(1.) THIS an application for a certificate of fitness of the case, Under Article 134(1)(c) of the Constitution, for an appeal to the Supreme Court of India.
(2.) THE three Applicants had been convicted by a Civil and Sessions Judge, Etah, of offences punishable Under Sections 326 and 326/34 IPC on the strength of evidence given by three eye witnesses as well as of a supposed dying declaration of the victim Shaitan Singh who died nearly fortnight after the occurrence. The medical evidence also fitted in with the prosecution case of an attack with a "gandasa" and not with the defence suggestion that the victim, Shaitan Singh, was attacked at his own house during the night with lathis.
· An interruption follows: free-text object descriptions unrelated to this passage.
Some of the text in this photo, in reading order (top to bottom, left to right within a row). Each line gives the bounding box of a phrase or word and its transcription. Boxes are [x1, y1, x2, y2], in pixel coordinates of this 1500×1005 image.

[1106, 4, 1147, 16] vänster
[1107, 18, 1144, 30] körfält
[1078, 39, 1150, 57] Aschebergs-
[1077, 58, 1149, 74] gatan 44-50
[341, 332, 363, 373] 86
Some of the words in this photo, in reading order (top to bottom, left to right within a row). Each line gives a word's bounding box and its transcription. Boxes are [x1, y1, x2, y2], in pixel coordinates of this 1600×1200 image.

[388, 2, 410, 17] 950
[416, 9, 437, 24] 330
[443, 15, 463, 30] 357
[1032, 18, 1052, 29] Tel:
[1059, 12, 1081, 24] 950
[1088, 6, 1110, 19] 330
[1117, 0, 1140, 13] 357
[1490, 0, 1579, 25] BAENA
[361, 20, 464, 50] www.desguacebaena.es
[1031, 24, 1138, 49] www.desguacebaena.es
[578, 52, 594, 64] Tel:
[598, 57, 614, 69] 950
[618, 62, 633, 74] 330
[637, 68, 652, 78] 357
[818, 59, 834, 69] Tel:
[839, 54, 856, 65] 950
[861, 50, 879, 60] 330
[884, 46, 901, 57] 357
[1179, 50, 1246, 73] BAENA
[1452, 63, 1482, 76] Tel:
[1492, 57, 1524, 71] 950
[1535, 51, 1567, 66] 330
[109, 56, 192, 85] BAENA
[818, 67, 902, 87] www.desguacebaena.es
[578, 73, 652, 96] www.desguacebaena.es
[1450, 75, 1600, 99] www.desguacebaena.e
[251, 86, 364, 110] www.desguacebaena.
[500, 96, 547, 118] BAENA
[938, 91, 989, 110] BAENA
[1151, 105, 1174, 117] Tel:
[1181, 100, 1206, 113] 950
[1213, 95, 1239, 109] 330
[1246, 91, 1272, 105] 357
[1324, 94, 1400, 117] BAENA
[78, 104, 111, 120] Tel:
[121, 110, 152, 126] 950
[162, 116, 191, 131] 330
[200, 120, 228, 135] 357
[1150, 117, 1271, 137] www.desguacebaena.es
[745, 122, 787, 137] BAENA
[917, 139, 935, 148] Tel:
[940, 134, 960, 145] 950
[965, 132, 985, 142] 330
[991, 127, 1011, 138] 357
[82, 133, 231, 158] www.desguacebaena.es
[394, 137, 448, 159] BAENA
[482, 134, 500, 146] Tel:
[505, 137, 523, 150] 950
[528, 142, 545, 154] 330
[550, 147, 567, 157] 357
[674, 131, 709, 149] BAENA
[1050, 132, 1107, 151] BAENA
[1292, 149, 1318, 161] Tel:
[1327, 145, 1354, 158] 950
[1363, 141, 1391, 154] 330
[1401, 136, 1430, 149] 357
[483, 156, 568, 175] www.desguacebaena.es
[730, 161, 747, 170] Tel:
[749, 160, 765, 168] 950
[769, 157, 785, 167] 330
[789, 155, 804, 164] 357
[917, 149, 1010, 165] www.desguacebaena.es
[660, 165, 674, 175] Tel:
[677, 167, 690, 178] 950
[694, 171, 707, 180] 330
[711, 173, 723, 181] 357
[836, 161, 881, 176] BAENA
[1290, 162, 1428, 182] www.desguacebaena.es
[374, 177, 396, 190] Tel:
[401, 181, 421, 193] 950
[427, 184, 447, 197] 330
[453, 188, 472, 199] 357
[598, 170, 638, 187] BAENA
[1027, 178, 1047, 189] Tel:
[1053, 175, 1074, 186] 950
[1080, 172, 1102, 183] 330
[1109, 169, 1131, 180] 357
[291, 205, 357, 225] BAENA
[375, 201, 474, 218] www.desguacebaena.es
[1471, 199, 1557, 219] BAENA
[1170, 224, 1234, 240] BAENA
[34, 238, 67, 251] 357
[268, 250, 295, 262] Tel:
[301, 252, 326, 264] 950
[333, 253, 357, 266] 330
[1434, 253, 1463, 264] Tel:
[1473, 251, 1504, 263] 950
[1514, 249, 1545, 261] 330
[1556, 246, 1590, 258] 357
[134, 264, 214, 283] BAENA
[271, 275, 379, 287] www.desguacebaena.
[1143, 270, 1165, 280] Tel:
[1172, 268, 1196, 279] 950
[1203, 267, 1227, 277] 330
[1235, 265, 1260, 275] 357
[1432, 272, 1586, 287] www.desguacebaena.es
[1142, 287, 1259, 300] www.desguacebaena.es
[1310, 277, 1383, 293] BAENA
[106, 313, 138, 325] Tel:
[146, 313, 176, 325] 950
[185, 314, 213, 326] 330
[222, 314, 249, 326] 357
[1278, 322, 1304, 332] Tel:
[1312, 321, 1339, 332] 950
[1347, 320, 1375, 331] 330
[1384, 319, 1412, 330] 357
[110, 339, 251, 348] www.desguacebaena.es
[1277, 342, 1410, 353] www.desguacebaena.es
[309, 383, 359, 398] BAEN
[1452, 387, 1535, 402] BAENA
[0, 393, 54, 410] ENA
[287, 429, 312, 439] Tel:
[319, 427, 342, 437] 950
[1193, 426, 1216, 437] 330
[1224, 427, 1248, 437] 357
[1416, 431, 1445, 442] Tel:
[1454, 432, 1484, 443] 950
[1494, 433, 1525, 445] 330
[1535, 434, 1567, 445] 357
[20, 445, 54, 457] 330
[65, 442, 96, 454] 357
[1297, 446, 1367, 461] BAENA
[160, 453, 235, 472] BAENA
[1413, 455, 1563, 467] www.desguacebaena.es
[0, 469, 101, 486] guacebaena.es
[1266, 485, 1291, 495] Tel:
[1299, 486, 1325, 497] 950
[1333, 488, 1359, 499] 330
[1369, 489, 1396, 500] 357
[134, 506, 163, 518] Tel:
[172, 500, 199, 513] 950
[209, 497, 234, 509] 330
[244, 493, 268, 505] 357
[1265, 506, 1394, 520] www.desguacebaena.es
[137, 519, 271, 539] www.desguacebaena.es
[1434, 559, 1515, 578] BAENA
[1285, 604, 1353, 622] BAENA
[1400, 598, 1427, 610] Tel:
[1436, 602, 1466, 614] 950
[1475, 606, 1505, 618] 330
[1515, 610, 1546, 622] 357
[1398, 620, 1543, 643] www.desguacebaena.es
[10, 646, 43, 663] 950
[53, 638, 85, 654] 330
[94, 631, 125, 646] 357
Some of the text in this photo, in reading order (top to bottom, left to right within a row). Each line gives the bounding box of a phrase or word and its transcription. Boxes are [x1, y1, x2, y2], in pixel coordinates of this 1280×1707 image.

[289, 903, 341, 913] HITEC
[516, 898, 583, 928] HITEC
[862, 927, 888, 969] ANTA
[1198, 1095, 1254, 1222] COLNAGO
(3.) THE view taken by this Court was that, although, the F.I.R. was not admissible as a dying declaration, which is a piece of substantive evidence, yet, those parts of it were admissible which explained and were merged with the conduct of the victim in making the complaint to the police contained in the F.I.R. No direct authority was cited on this question by either side. Reliance was, however, placed on illustrations (j) and (k) to Section 8 of the Evidence Act for the view taken in this Court that the nature of the offence, the identity of the offenders and the time and place of the occurrence were so blended with the victim's conduct and were so necessary to explain it as to be parts of it.